By removing non-engaged subscribers, we can then create customer segments to do things like A/B test different offers. Or set up a one-time offer to only a segment of the email list that hasn't previously engaged with us.


Not at all. E-mail is _hard_.

Building a brand in that space is difficult, acquiring competent staff isn't that easy either. After that, you need massive amounts of work for warming new IP ranges up, spend lots of time on abuse management (because spammers will attempt to abuse any new competitor within that space), and probably spend a lot of money on marketing. Because, you know, otherwise people will just go to Mailchimp.


Mail platforms like Sendgrid and Mailchimp are pretty standard purchases for any company that does anything with email (i.e. pretty much every real-world company).

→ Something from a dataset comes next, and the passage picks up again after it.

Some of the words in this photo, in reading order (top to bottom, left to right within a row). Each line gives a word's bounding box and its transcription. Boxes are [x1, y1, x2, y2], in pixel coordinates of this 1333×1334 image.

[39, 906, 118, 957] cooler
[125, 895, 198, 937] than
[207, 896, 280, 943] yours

It's crazy to me that Reddit has the same valuation. Frankly, I feel like I live on a different planet from much of the HN hype crowd sometimes.


The HN crowd is vocal about tech paradigms they are familiar with, like social media, online shopping and streaming video.

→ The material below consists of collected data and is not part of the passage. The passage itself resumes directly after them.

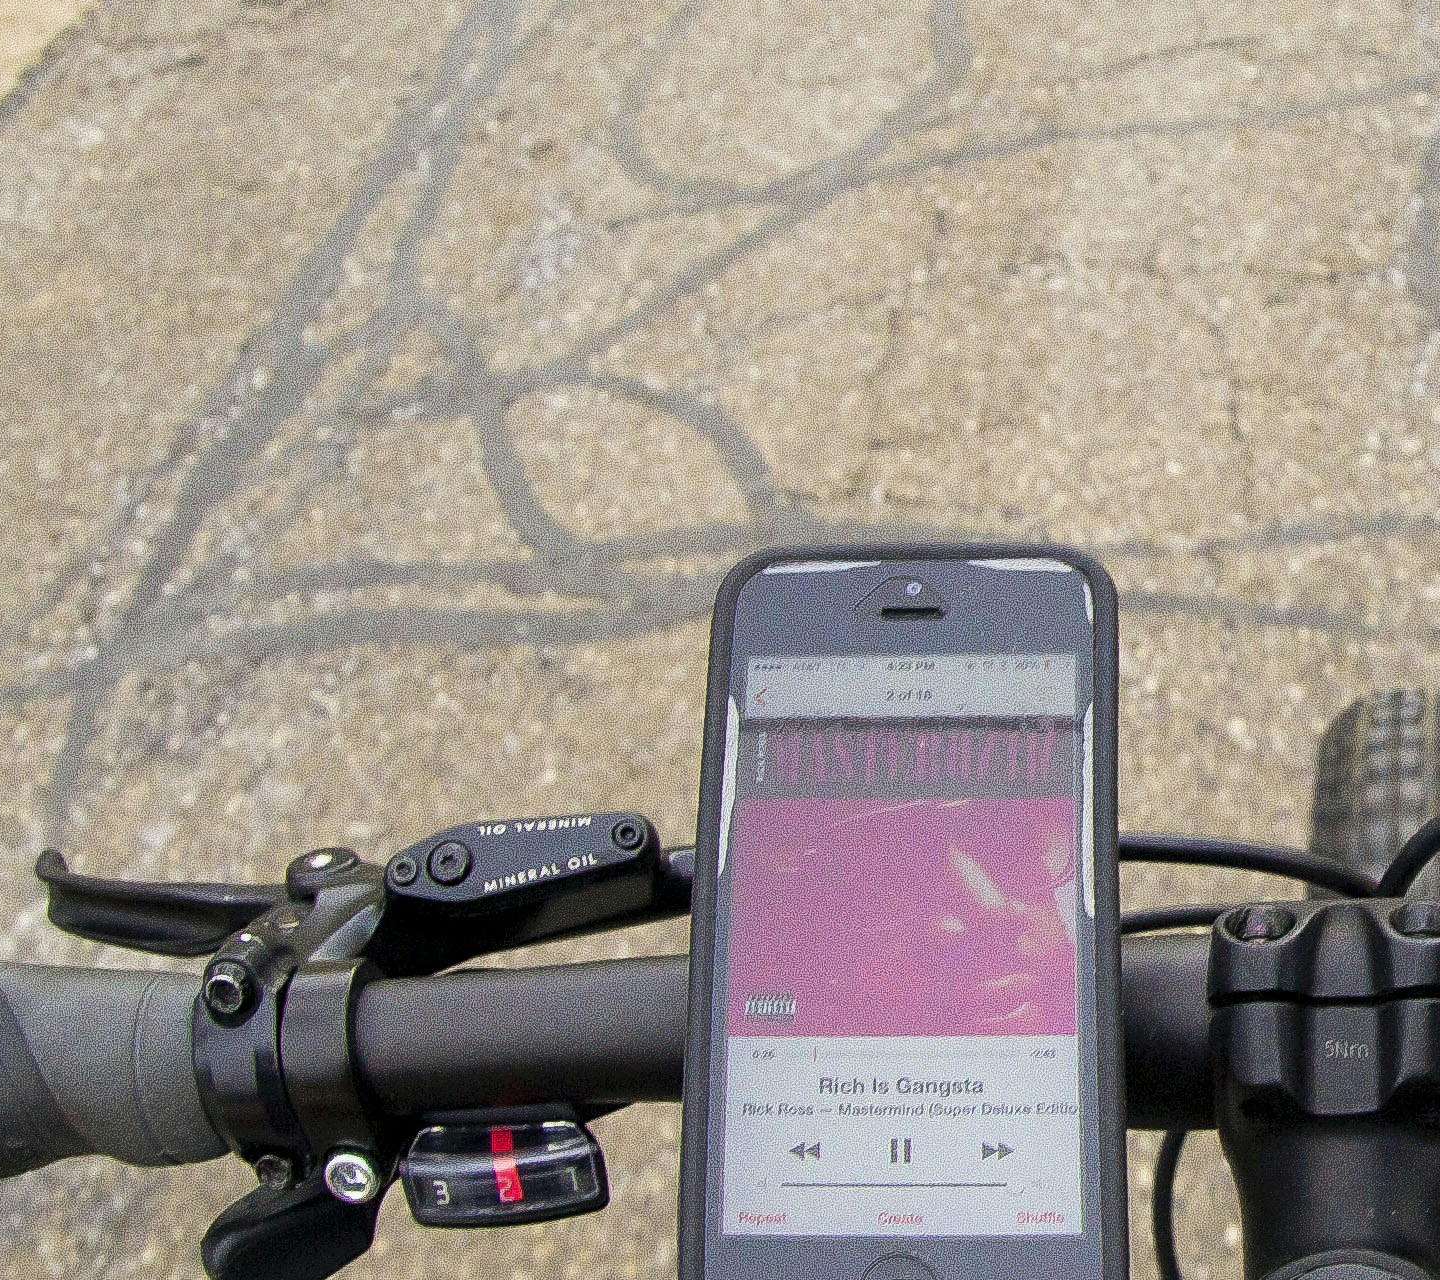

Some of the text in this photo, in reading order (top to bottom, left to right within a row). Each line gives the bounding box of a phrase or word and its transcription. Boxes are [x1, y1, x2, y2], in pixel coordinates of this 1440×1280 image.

[885, 690, 896, 702] 2
[897, 689, 914, 702] of
[477, 816, 593, 837] MINERAL OIL
[483, 852, 598, 894] MINERAL OIL
[818, 1077, 985, 1100] Rich Is Gangsta
[742, 1102, 772, 1116] Rick
[777, 1102, 815, 1116] Ross
[838, 1102, 925, 1116] Mastermind
[928, 1102, 977, 1119] (Super
[981, 1102, 1032, 1116] Deluxe
[432, 1166, 579, 1205] 3 2 1
[737, 1210, 787, 1226] Repeat
[876, 1210, 924, 1224] Create
[1016, 1210, 1066, 1224] Shuffle

But when it comes to the actual commercial infrastructure underpinning large swathes of the digital economy, the knowledgeable ones are drowned out by the uninformed bloviators.

This is clear when you look at the comments for stories related to Google/Facebook Ads (the ad product itself), Shopify, Mailchimp/Marketo or Salesforce/Dynamics CRM.


They have really steady cashflow, some measure of lock-in, a strong brand, and access to a gigantic amount of small business customers that would be difficult to replicate. The right acquirer could cross-sell some related market products and make a healthy return in a few years.


Spot on.


The email space has a ton of cash. Frankly I’m surprised it’s as low as 10B. Probably due to the fact that social media is “new” while email is “old.” Hype matters.


Given all the cogent and well formed responses it turns out I should not be surprised. I'm convinced.

I am no longer surprised by the valuation and perhaps it could be higher.


Who can afford $10B buy from SaaS companies?! Only big ones. Salesforce? Adobe? Oracle?